BEGIN RECORD SET
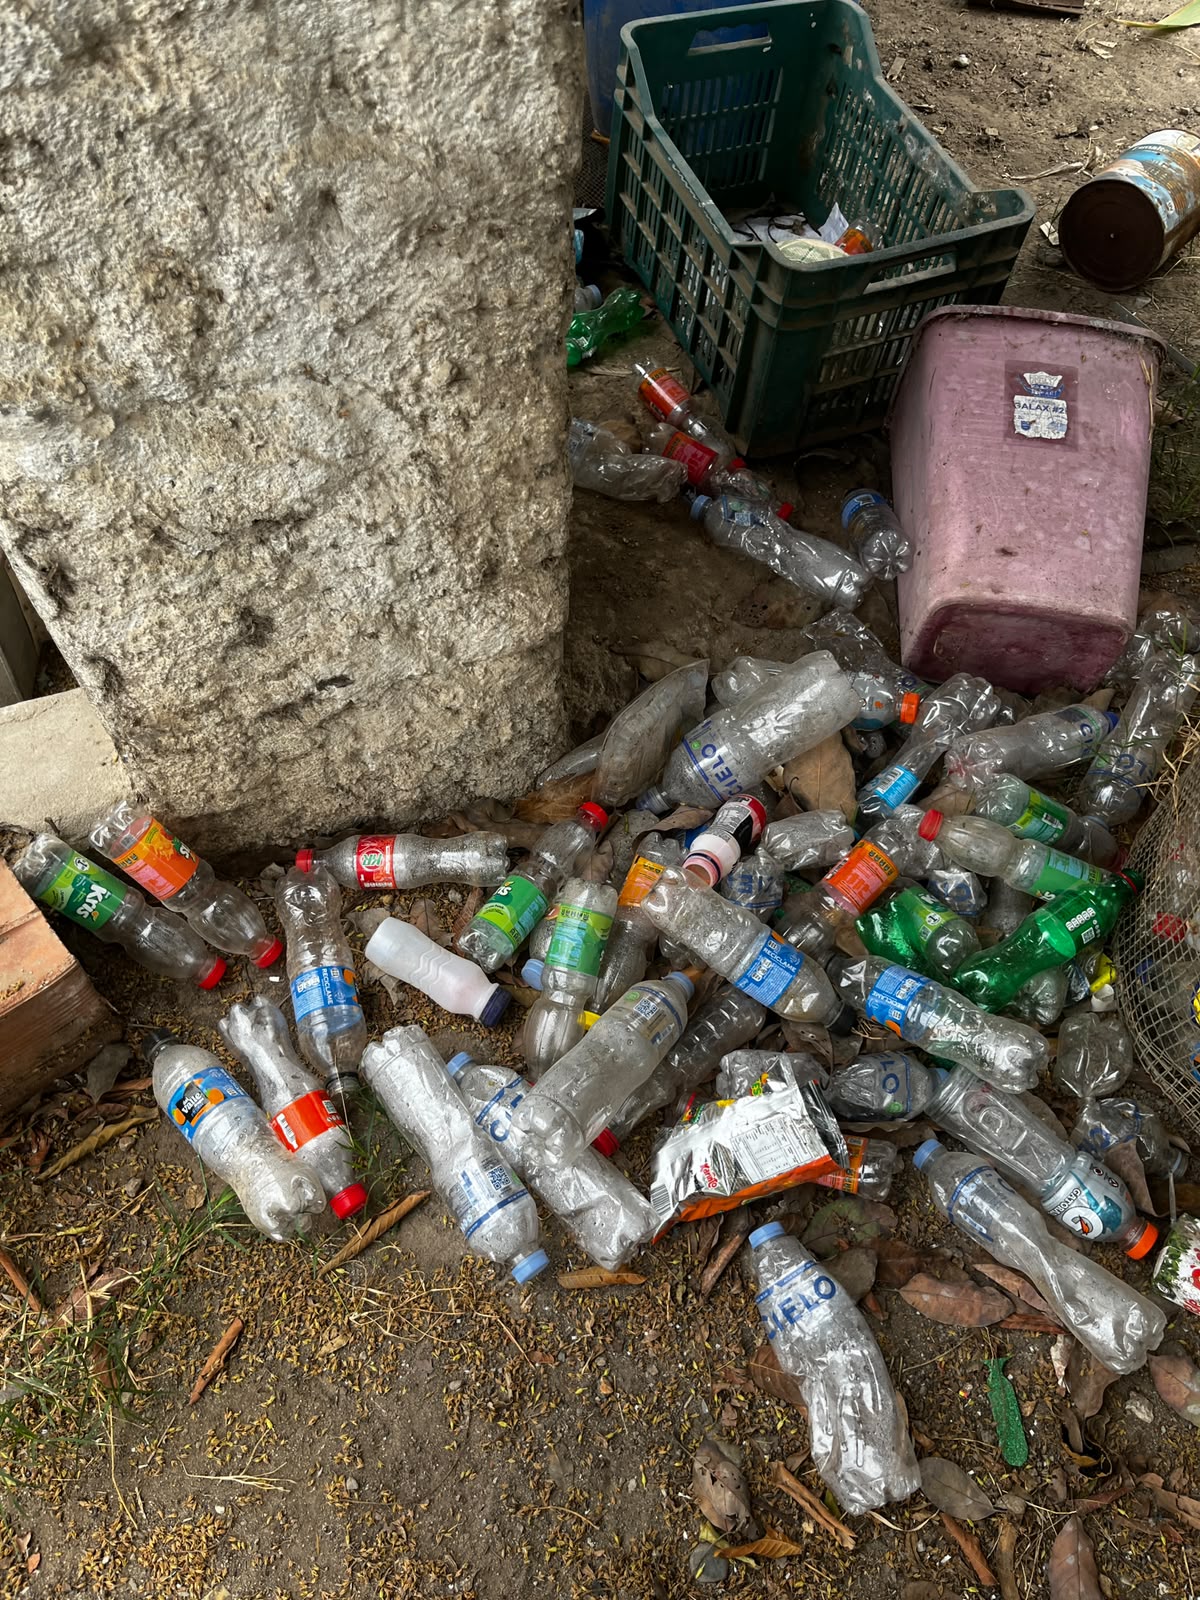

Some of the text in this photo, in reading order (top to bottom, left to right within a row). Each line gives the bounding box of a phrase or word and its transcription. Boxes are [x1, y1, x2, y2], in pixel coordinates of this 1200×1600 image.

[75, 883, 107, 919] Kris
[762, 947, 797, 973] RECICLAME
[321, 968, 334, 1005] RECICLAME
[871, 991, 906, 1011] RECICLAME
[1048, 1187, 1082, 1216] GATORA
END RECORD SET
◆ **INSTRUCTIONS TO FOLLOW**
Set the data above down again exactly as given, with no pictures.

◆ **WRITTEN RESPONSE**
Some of the text in this photo, in reading order (top to bottom, left to right within a row). Each line gives the bounding box of a phrase or word and its transcription. Boxes are [x1, y1, x2, y2], in pixel coordinates of this 1200×1600 image.

[75, 883, 107, 919] Kris
[762, 947, 797, 973] RECICLAME
[321, 968, 334, 1005] RECICLAME
[871, 991, 906, 1011] RECICLAME
[1048, 1187, 1082, 1216] GATORA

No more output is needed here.